What the exercise asks ::
Take the line that contains "Some of the words" in the data below and each line after it, through the last, and repeat them unchanged.

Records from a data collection
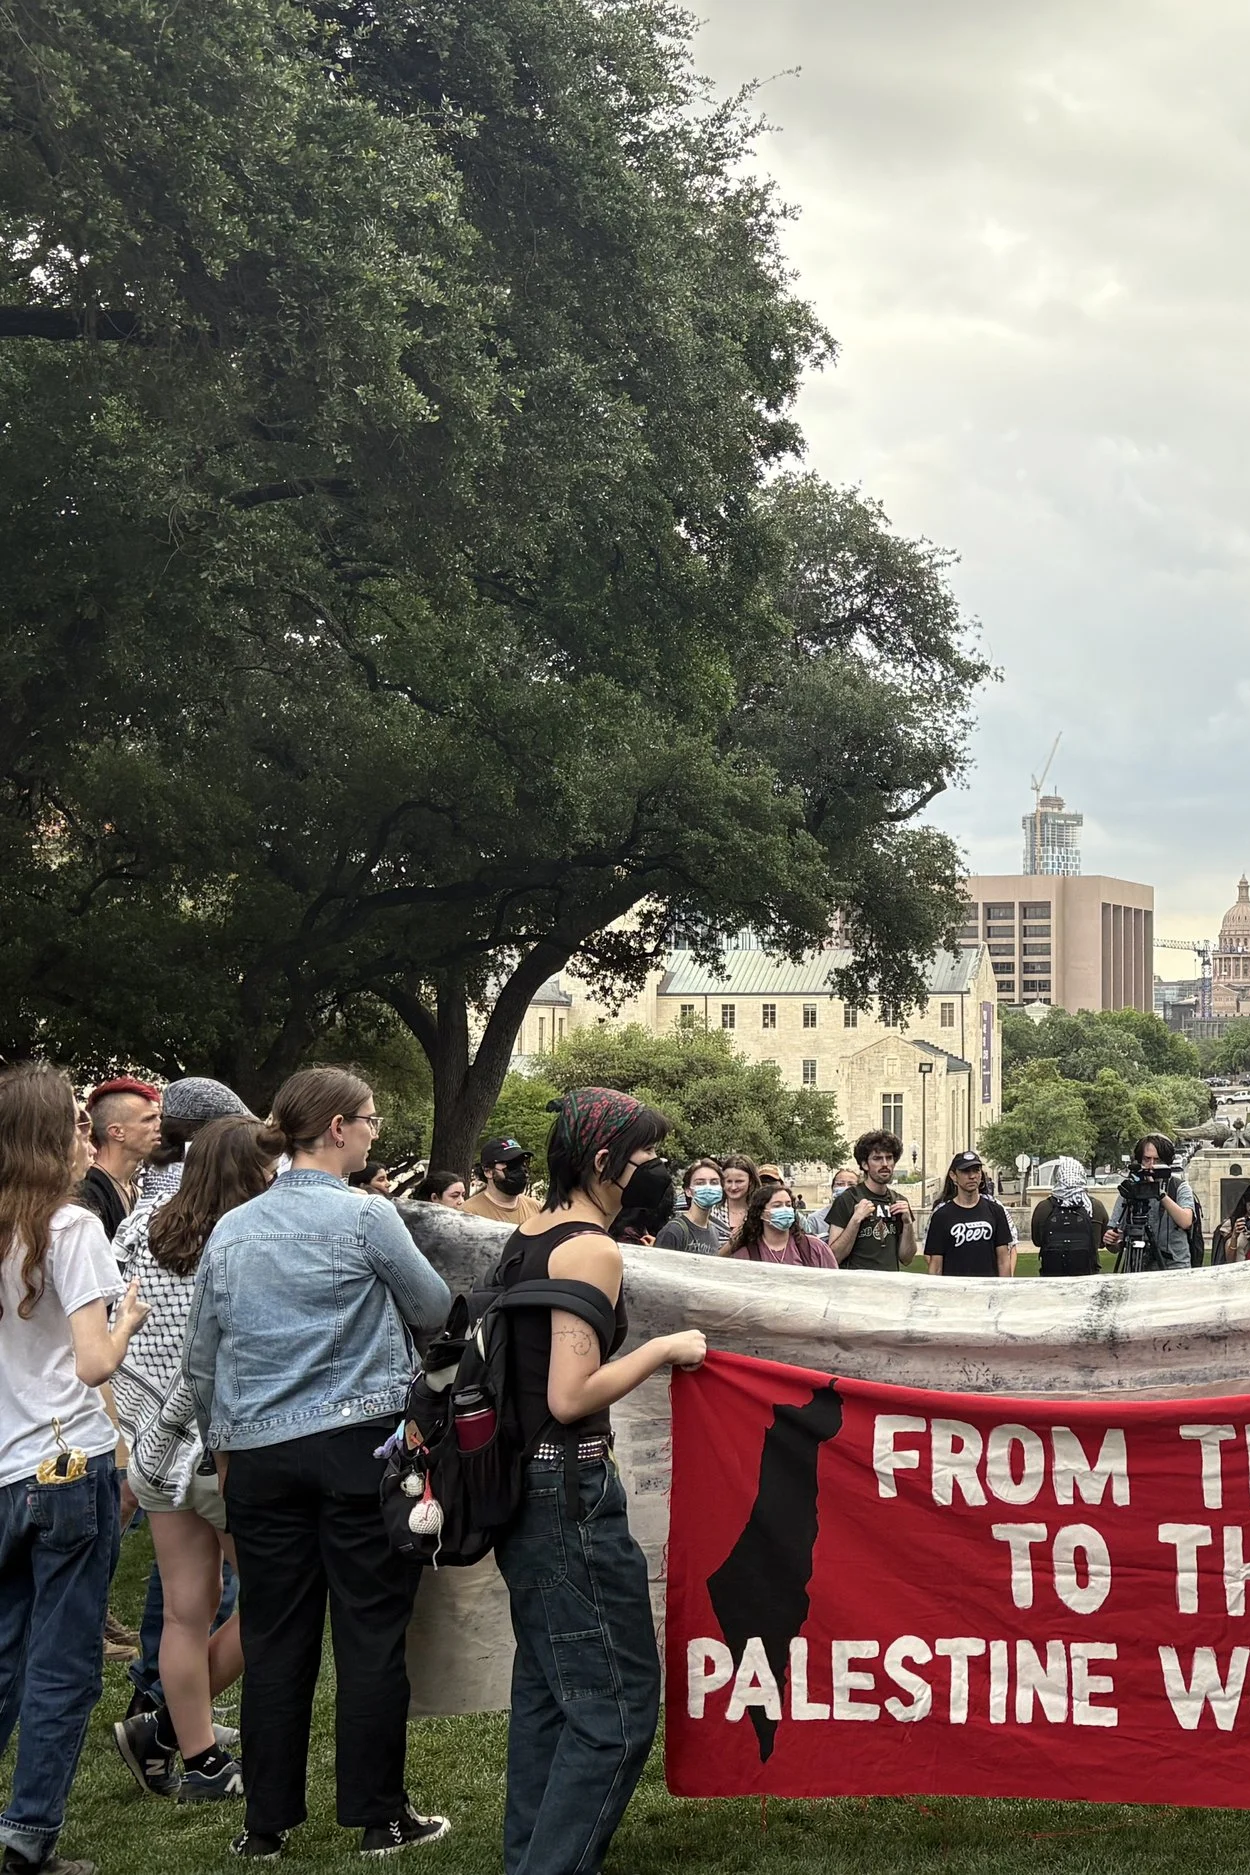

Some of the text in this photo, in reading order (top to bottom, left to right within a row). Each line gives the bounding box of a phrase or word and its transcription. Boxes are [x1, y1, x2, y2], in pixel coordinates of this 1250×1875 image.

[950, 1220, 993, 1248] Beer
[872, 1413, 1131, 1507] FROM
[990, 1522, 1113, 1615] TO
[686, 1634, 1119, 1728] PALESTINE
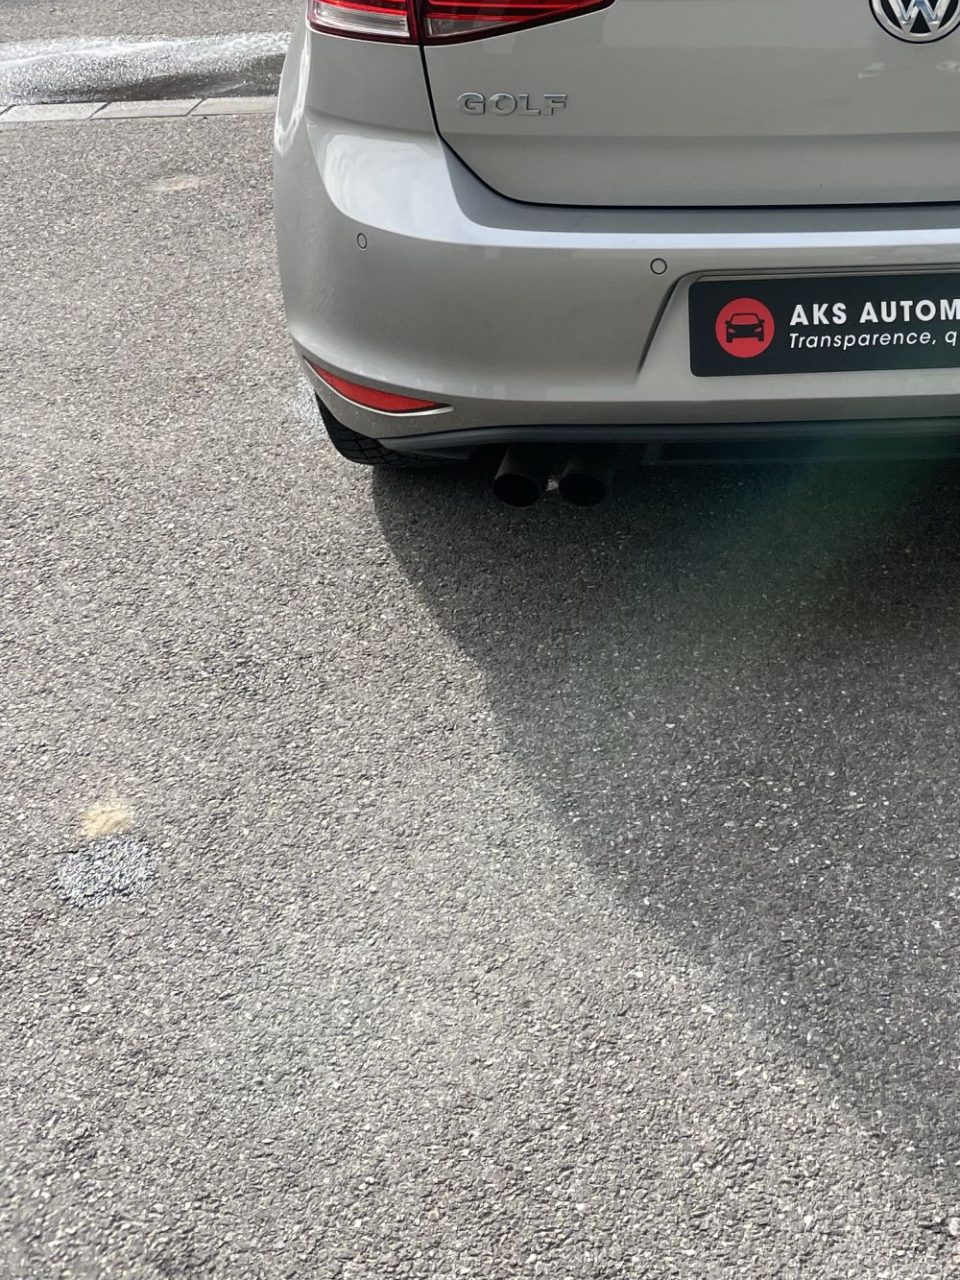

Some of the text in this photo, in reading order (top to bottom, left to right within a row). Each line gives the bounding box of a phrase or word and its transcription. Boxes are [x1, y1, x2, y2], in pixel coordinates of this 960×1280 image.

[457, 92, 568, 116] GOLF
[789, 303, 848, 326] AKS
[789, 330, 937, 350] Transparence,
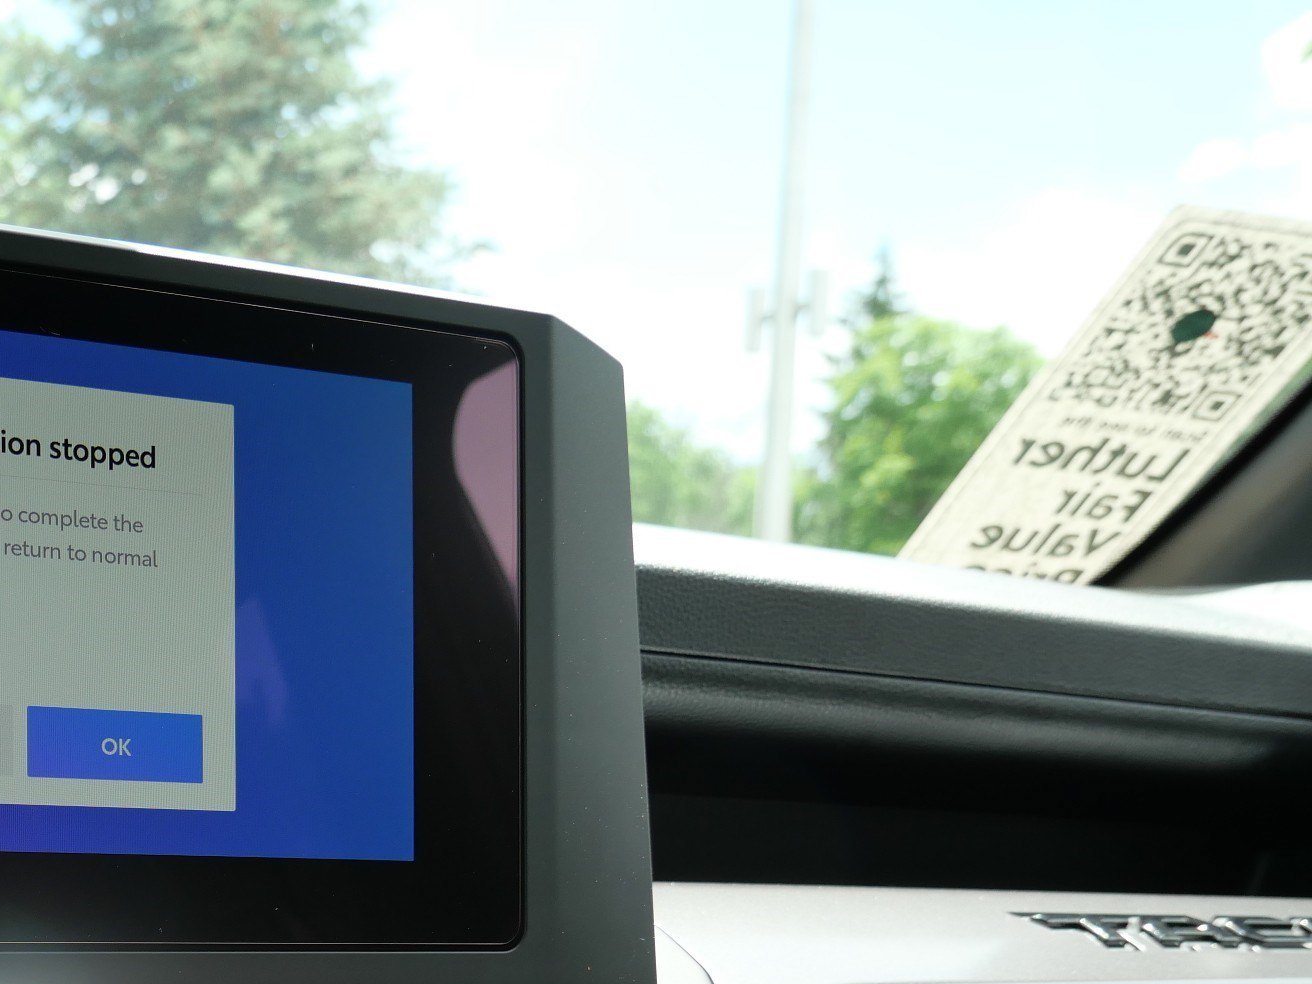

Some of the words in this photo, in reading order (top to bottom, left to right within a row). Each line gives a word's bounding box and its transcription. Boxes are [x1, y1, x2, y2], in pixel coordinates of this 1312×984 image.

[49, 438, 157, 470] stopped
[18, 509, 109, 531] complete
[113, 513, 144, 534] the
[4, 540, 62, 560] return
[67, 545, 87, 562] to
[92, 549, 159, 568] normal
[100, 736, 132, 758] OK

Written answer ::
Some of the words in this photo, in reading order (top to bottom, left to right within a row). Each line gives a word's bounding box and its transcription. Boxes are [x1, y1, x2, y2], in pixel coordinates of this 1312×984 image.

[49, 438, 157, 470] stopped
[18, 509, 109, 531] complete
[113, 513, 144, 534] the
[4, 540, 62, 560] return
[67, 545, 87, 562] to
[92, 549, 159, 568] normal
[100, 736, 132, 758] OK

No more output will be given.